Should Fighters Be Limited in Number of Significant Strikes They Can Sustain?

At UFC 161 in June, Roy Nelson was transformed into a human pinata at the hands of Stipe Miocic. A pinata that was more than willing to bend, but ultimately unwilling to break.
By the time the mugging had concluded, Nelson had broken the most double-ed…

At UFC 161 in June, Roy Nelson was transformed into a human pinata at the hands of Stipe Miocic. A pinata that was more than willing to bend, but ultimately unwilling to break.

By the time the mugging had concluded, Nelson had broken the most double-edged record being kept: most significant strikes absorbed without being knocked out. Sure there is some manly bragging rights to be had with such a dubious honor, but it’s unlikely his brain will be high-fiving him in five to 10 years.

Fightland’s Dr. Michael Kelly put forth an fascinating piece on Nelson’s granite chin following the fight. The primer of the article gets us started.

The 106 significant strikes Miocic landed on the Las Vegas native were enough to make one doubt Nelson’s destructibility, but 437 strikes over 10 fights makes us wonder about his mortality, even his sanity. It also made us wonder how it’s even possible. How can one man take that much punishment from that many power punchers and never go unconscious?

The good doctor went on to mention a few things that may account for one having a granite chin. It’s heady stuff and worth burning up a few brain cells on. But the knock out punch if you will was the talk surrounding accumulation of punches and what that means for a fighter like Roy Nelson.

What we know is the fighters like Roy Nelson who can take a punch have the highest risk for developing chronic traumatic brain injury later in life. And that was from looking at autopsies of brains of fighters who had dementia pugilistica at the same time as chronic traumatic brain injury, the fighters who had the most damage were the ones who were able to take the most punishment. 

So the accumulation of punches is more significant than, say, going into a ring and losing 10 fights in a row by one punch knockout. It’s not the going unconscious that’s the problem; it’s the repetitive force and the repetitive micro-trauma to the brain. So with a guy like Roy Nelson, when this guy takes 430 significant strikes over 10 fights, and he doesn’t get knocked out, it would be better if he’d actually get KO’d than take that many blows.

Perhaps this writer is bordering on the naive…but the question all of that begs is whether or not, after accumulating a certain amount of signification strikes to the head, a fighter should be forced to call it quits.

Thanks to to FightMetric, significant strikes are being tracked. The ambiguous part of the equation is, at what point—more specifically at what punch—should a fighter be forced to stop taking one more.

Our very own Scott Harris published an important piece, ‘A Sense of Urgency’: MMA Races to Learn More About Brain Injuries, in which his intro says it all, “You know nothing about brain injuries in MMA. Then again, you probably know everything.”

Within that article, neurologist Dr. Charles Bernick, associate medical director at the Lou Ruvo Center for Brain Health in Las Vegas and one of the nation’s leading experts on brain injury and disease, summed up the current state of play as he sees it.

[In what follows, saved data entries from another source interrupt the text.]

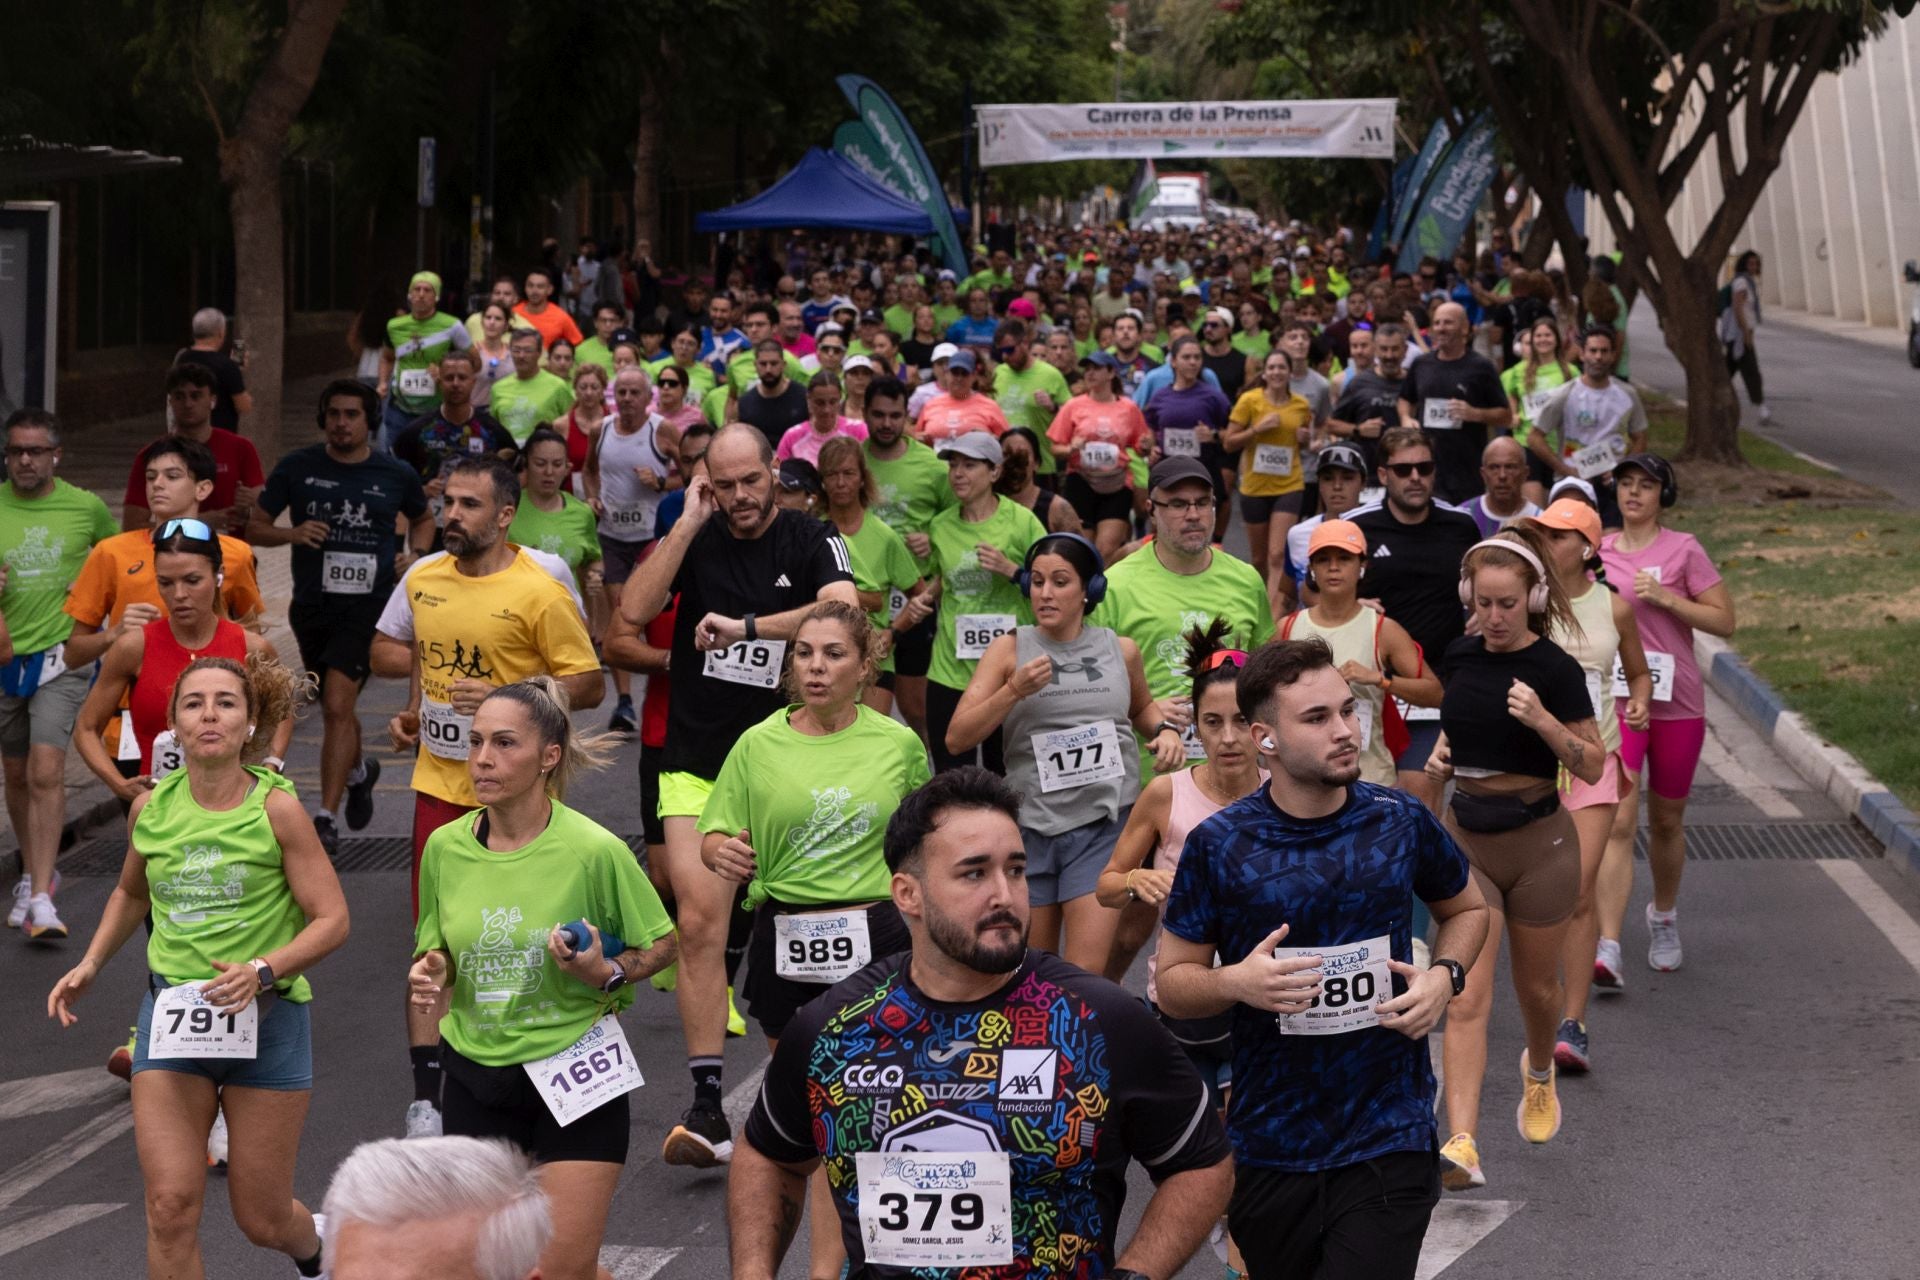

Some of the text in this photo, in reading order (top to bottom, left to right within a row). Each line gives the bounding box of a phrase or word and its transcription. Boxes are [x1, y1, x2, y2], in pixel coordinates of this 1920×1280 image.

[1087, 105, 1291, 123] Carrera de la Prensa
[611, 510, 642, 524] 960
[329, 565, 368, 581] 808
[1038, 687, 1111, 698] UNDER ARMOUR
[1048, 742, 1103, 771] 177
[788, 936, 854, 964] 989
[460, 953, 526, 972] Carrera
[1303, 971, 1375, 1008] 80
[165, 1007, 236, 1035] 791
[550, 1042, 623, 1094] 1667
[1000, 1075, 1043, 1095] AXA
[996, 1101, 1052, 1114] fundación
[901, 1160, 963, 1178] Carrera
[878, 1192, 984, 1231] 379
[902, 1237, 920, 1245] GOMEZ
[945, 1237, 964, 1245] JESUS
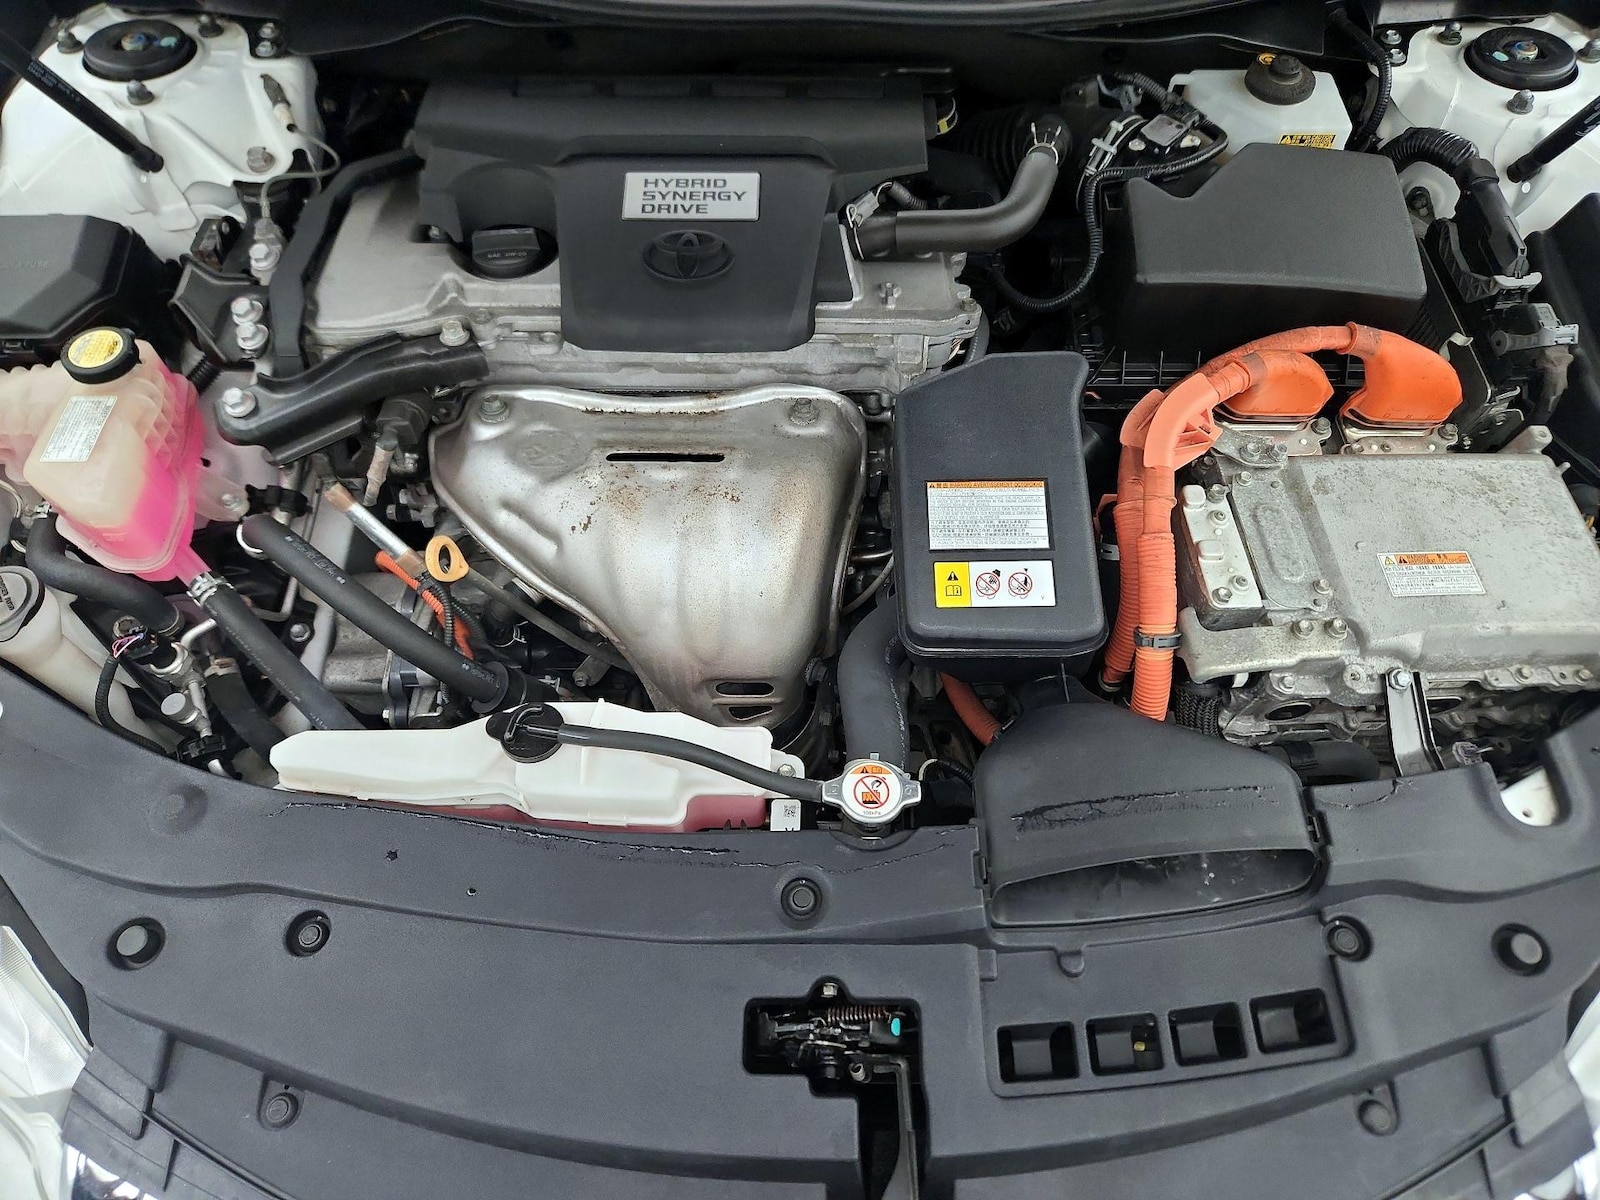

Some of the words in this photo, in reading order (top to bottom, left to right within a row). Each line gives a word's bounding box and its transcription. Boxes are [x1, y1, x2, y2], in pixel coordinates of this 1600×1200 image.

[643, 178, 728, 189] HYBRID
[642, 190, 747, 202] SYNERGY
[641, 203, 709, 215] DRIVE

There really is no objective way to decide when a person should stop fighting or not be licensed to fight. When do you decide not to fight or grant a license? It all depends. We have no objective way to make these decisions. We’re making progress in our research, but we don’t know enough to make firm recommendations. There are a lot of questions we just don’t know the answers to.

So should fighters be limited in the number of significant strikes they can sustain?

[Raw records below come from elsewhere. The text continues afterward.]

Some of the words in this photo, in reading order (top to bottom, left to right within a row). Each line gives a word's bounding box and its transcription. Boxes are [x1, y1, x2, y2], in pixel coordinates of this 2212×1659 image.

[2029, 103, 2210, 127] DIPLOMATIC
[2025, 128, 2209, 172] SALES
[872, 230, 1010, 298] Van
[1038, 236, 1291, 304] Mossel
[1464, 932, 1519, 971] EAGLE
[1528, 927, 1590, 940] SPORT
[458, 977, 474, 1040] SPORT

As doctors get answers to their long list of questions, the answer to the above question will most likely be yes. Perhaps one day they will be able to zero in on an objective amount of consequential blows, or at least a range, that leads people within the MMA community to collectively say “he’s had enough.”

While boxing and MMA as a whole, under the watch of state athletic commissions, could never tie things off, the UFC can look to draw a line in the sand. Like Dana White has with convincing fighters like Chuck Liddell, who’d been knocked out one too many times, to turn over their four-ounce gloves. If knockouts are the spade, then significant strikes are the club.

And while it may be convenient to rag on Roy Nelson, he’s not the first one who’s been clubbed. He certainly won’t be the last. There is no reason we should have to write and read any more sad-state stories like that of Gary Goodridge (much of his damage came in the form of his kickboxing career). But we will.

“I should not fight again,” Goodridge told Ben Fowkles after his late-notice bout with Gegard Mousasi at FEG’s Dynamite!! New Year’s Eve show in Japan in 2009. “I know I shouldn’t.”

But he did. And who is going to stop him—or anyone—from taking it on the chin or the side of head one time too many? Some would argue ethically it is not anyone’s place to step in. But they’re wrong. Right?

Whether it’s 500 or 5,000, for the integrity of the sport and more importantly the sanity of its fighters, the days of an endless buffet of repetitive shots to the head should probably be numbered.